ECM sent those photos to federal wildlife officials to document presence of the sheep on the project site. But instead of taking action to protect the endangered animals, the USF&WS authorized their destruction—and Secretary Salazar signed their death warrant.

Jorgensen had proposed that the entire project be rejected. Failing that, he sought removal of eight turbines within three-quarters of a mile of a documented lambing area. He also urged federal officials to consider the “overwhelming cumulative impacts being generated in the area” including two wind projects, two high-voltage powerlines, I-8, Border Patrol’s increased activity, off-road-vehicle activity and more.

Astoundingly, the USF&WS document claims that the project does not constitute a significant loss in habitat.

Pattern has agreed to a monitoring and mitigation plan, including restoration of historic bighorn habitat at Carrizo Creek.

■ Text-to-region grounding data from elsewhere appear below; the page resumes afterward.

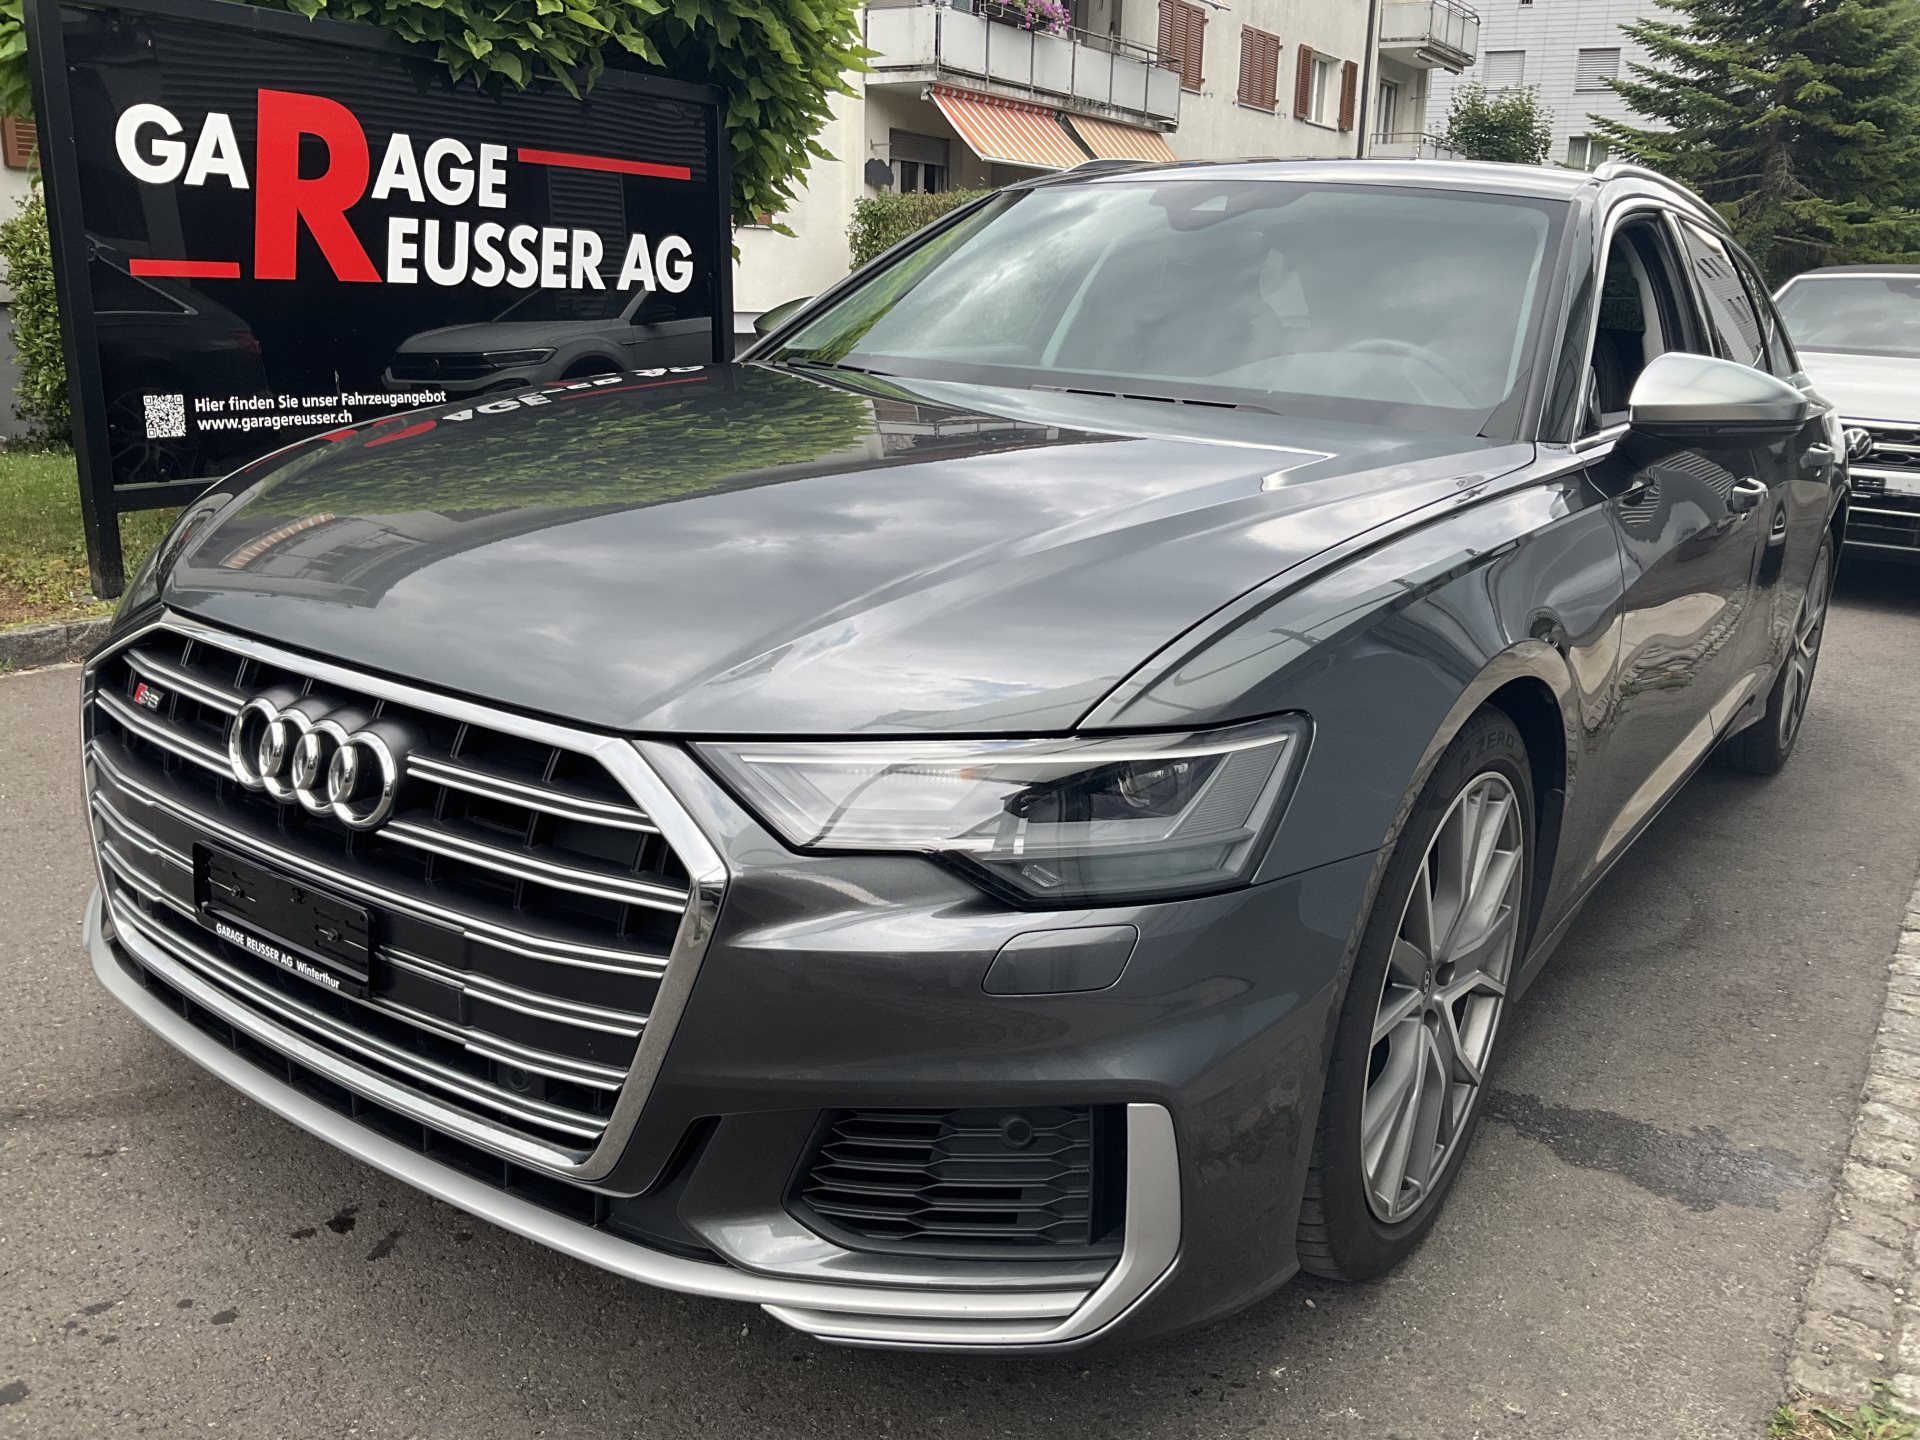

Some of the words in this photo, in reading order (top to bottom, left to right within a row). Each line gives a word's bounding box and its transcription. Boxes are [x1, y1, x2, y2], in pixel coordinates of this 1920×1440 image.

[616, 233, 694, 293] AG
[195, 398, 225, 412] Hier
[228, 395, 275, 411] finden
[278, 394, 299, 409] Sie
[302, 394, 339, 408] unser
[341, 389, 447, 408] Fahrzeugangebot
[197, 410, 353, 432] www.garagereusser.ch
[216, 923, 244, 945] GARAGE
[246, 936, 280, 961] REUSSER
[280, 953, 293, 967] AG
[296, 960, 340, 989] Winterthur
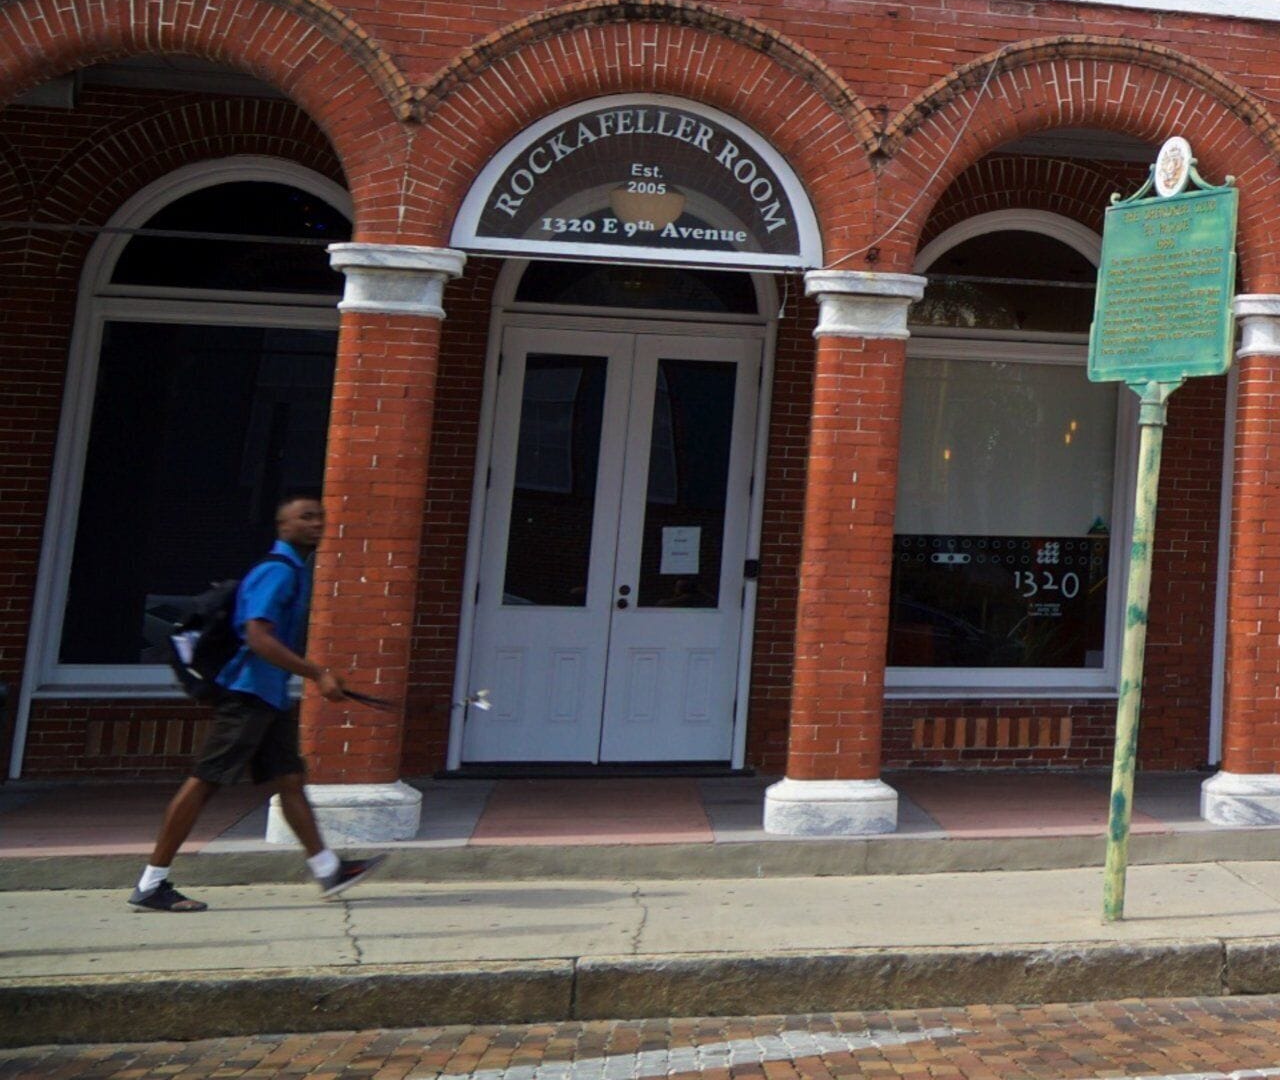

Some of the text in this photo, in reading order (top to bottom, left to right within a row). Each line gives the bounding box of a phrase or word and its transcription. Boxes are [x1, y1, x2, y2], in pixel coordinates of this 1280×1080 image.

[494, 109, 787, 235] ROCKAFELLER ROOM
[631, 163, 663, 179] Est.
[627, 181, 666, 196] 2005
[541, 217, 747, 243] 1320 E 9th Avenue
[1014, 571, 1080, 599] 1320
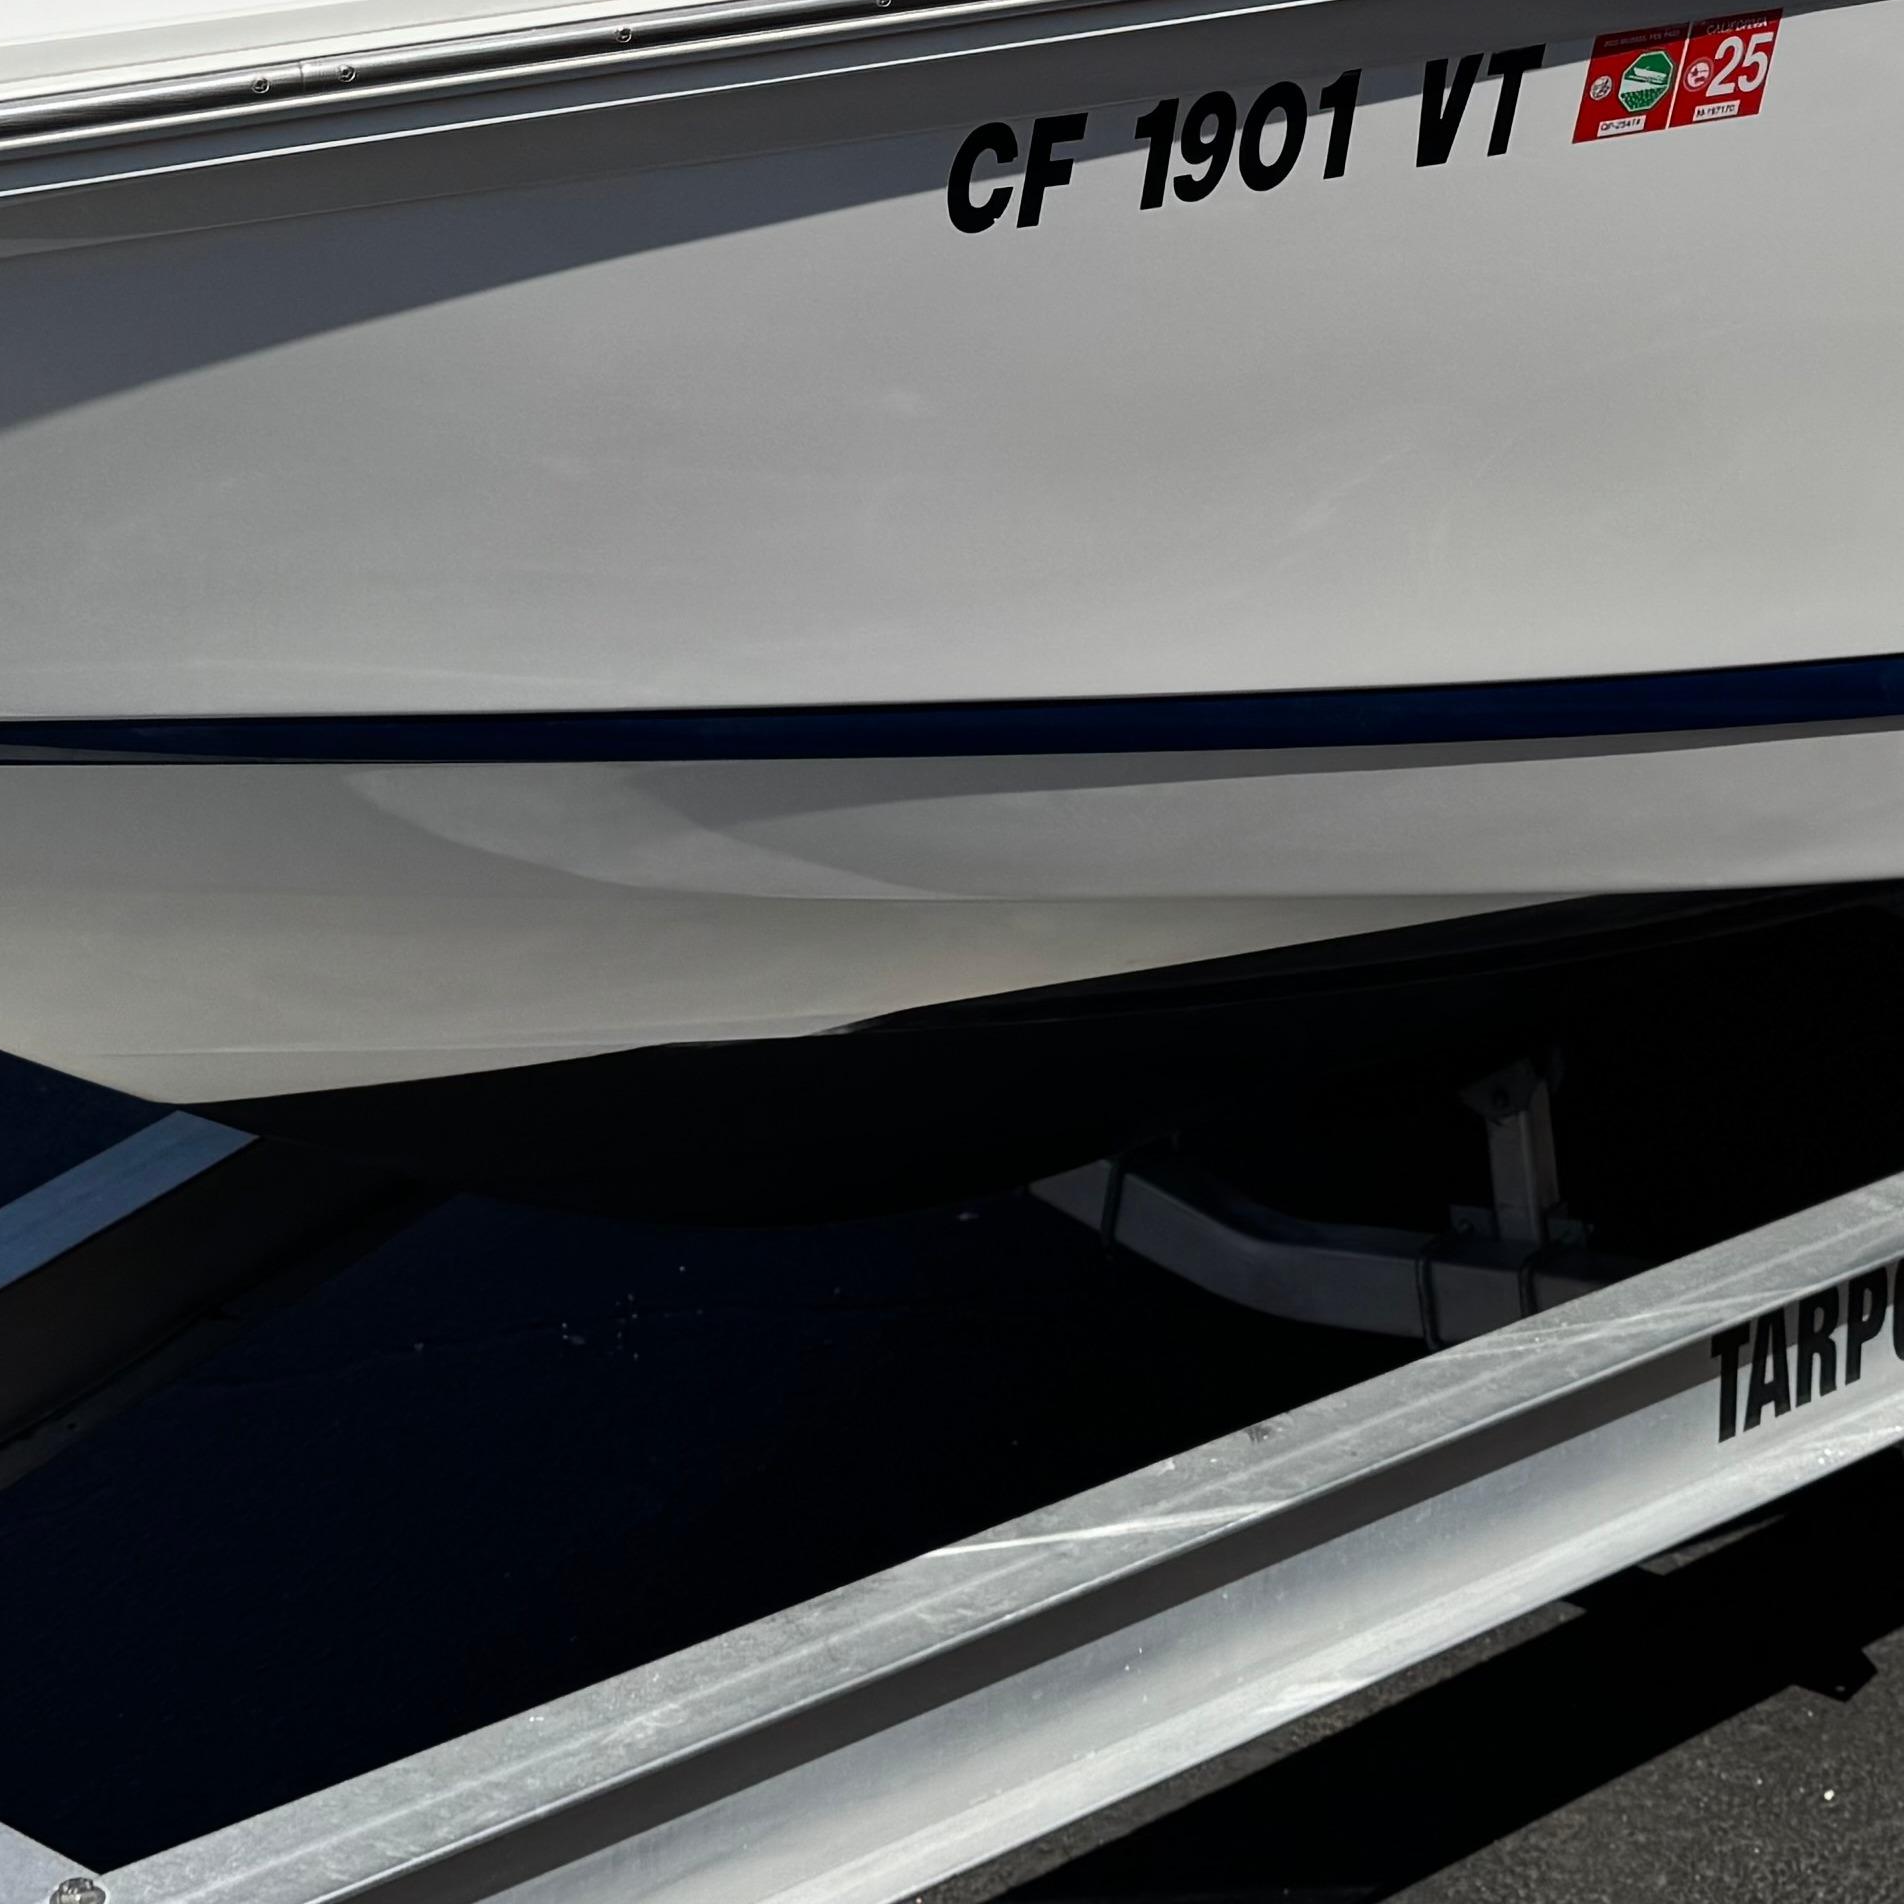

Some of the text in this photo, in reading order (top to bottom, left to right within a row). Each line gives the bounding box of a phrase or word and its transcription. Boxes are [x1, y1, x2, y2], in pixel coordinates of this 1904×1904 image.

[1705, 31, 1774, 97] 25
[946, 44, 1546, 234] CF 1901 VT

However that does not account for the disruption in habitat conductivity that the massive project will cause -- a concern raised by numerous wildlife experts in the area.

The project developer misleadingly has stated that only a small fraction of the 12,500 acres will be impacted—but fails to count the spaces between turbines as impacted areas even though they will be beneath blades each with a sweep area the size of a football field, each generating infrasound capable of causing health impacts, blade flicker, and noise described by some as similar to a helicopter hovering constantly. Wind facilities can also generate stray voltage capable of causing injury or even death; entire herds of cattle have been known to die from ground current.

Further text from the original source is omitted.